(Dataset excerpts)
::::
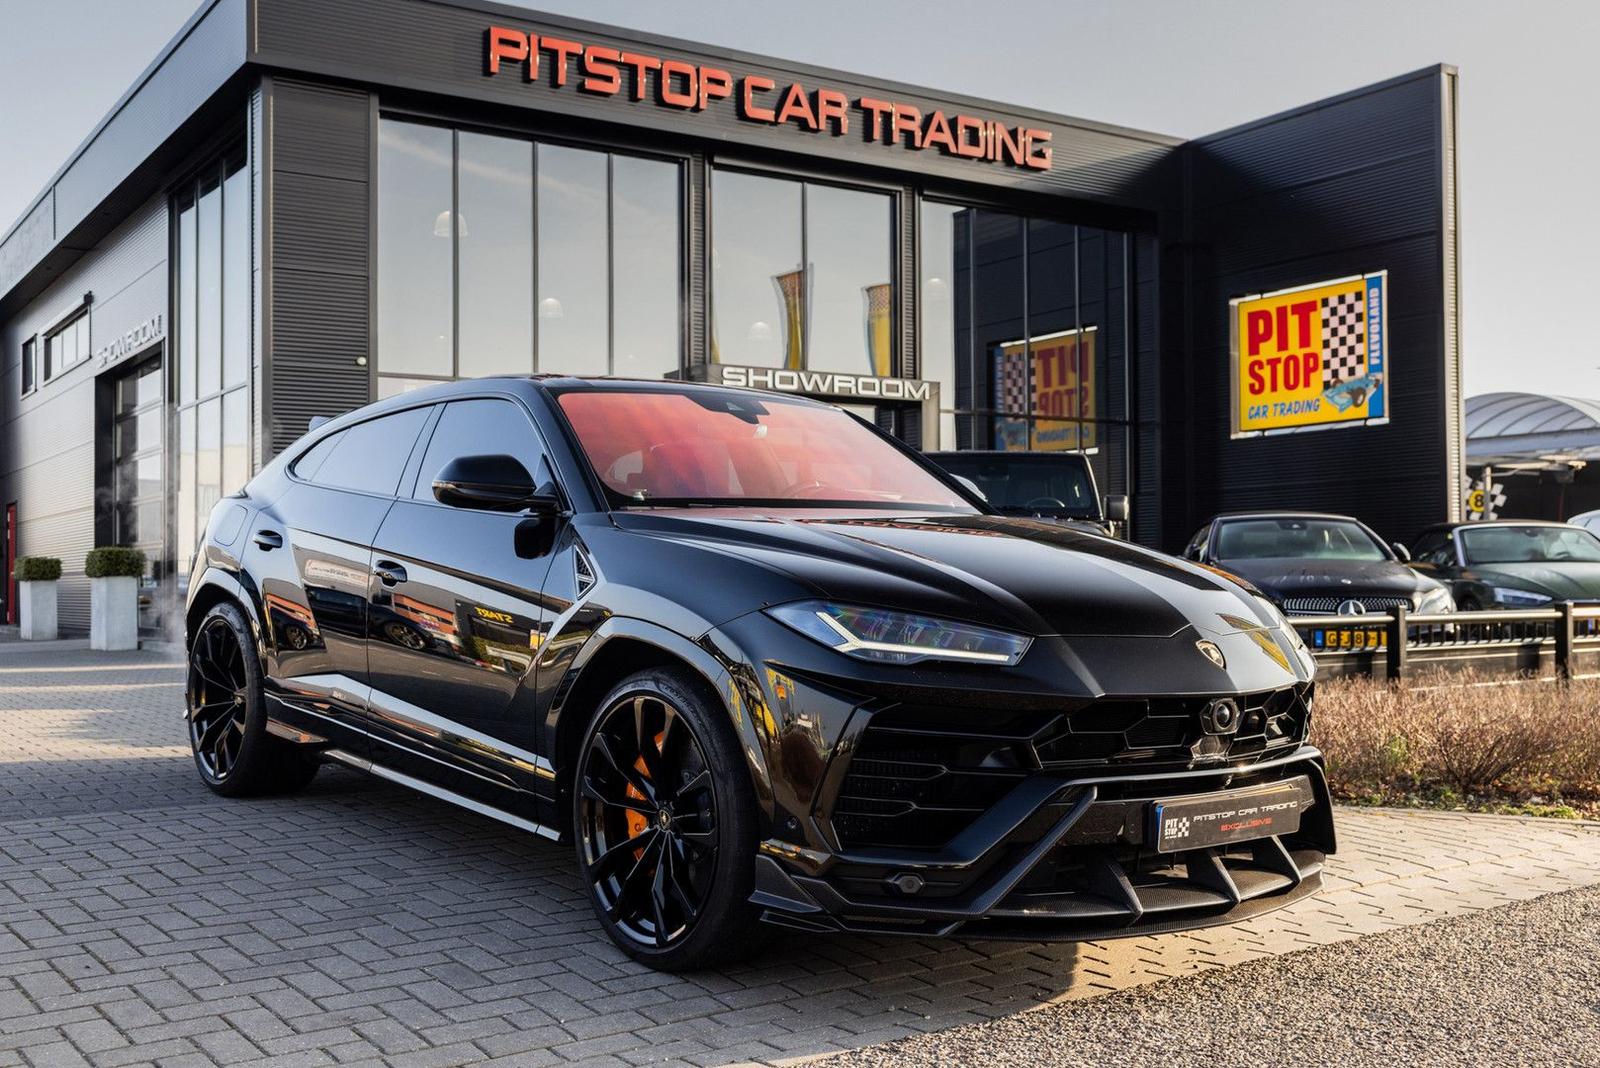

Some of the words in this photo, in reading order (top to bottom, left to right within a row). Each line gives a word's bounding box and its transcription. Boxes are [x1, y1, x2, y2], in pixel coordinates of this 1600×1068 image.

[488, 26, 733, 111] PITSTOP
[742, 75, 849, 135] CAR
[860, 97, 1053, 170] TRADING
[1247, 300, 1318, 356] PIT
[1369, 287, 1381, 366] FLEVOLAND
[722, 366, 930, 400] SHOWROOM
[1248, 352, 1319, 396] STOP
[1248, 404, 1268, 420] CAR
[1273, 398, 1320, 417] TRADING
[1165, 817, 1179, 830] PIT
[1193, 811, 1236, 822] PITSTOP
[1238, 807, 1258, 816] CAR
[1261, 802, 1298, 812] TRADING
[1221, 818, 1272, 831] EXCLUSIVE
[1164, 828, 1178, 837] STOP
::::
EXERCISE INSTRUCTIONS.
Leaving the pictures aside, write out the entries above exactly.

SOLUTION TO THIS TASK.
Some of the words in this photo, in reading order (top to bottom, left to right within a row). Each line gives a word's bounding box and its transcription. Boxes are [x1, y1, x2, y2], in pixel coordinates of this 1600×1068 image.

[488, 26, 733, 111] PITSTOP
[742, 75, 849, 135] CAR
[860, 97, 1053, 170] TRADING
[1247, 300, 1318, 356] PIT
[1369, 287, 1381, 366] FLEVOLAND
[722, 366, 930, 400] SHOWROOM
[1248, 352, 1319, 396] STOP
[1248, 404, 1268, 420] CAR
[1273, 398, 1320, 417] TRADING
[1165, 817, 1179, 830] PIT
[1193, 811, 1236, 822] PITSTOP
[1238, 807, 1258, 816] CAR
[1261, 802, 1298, 812] TRADING
[1221, 818, 1272, 831] EXCLUSIVE
[1164, 828, 1178, 837] STOP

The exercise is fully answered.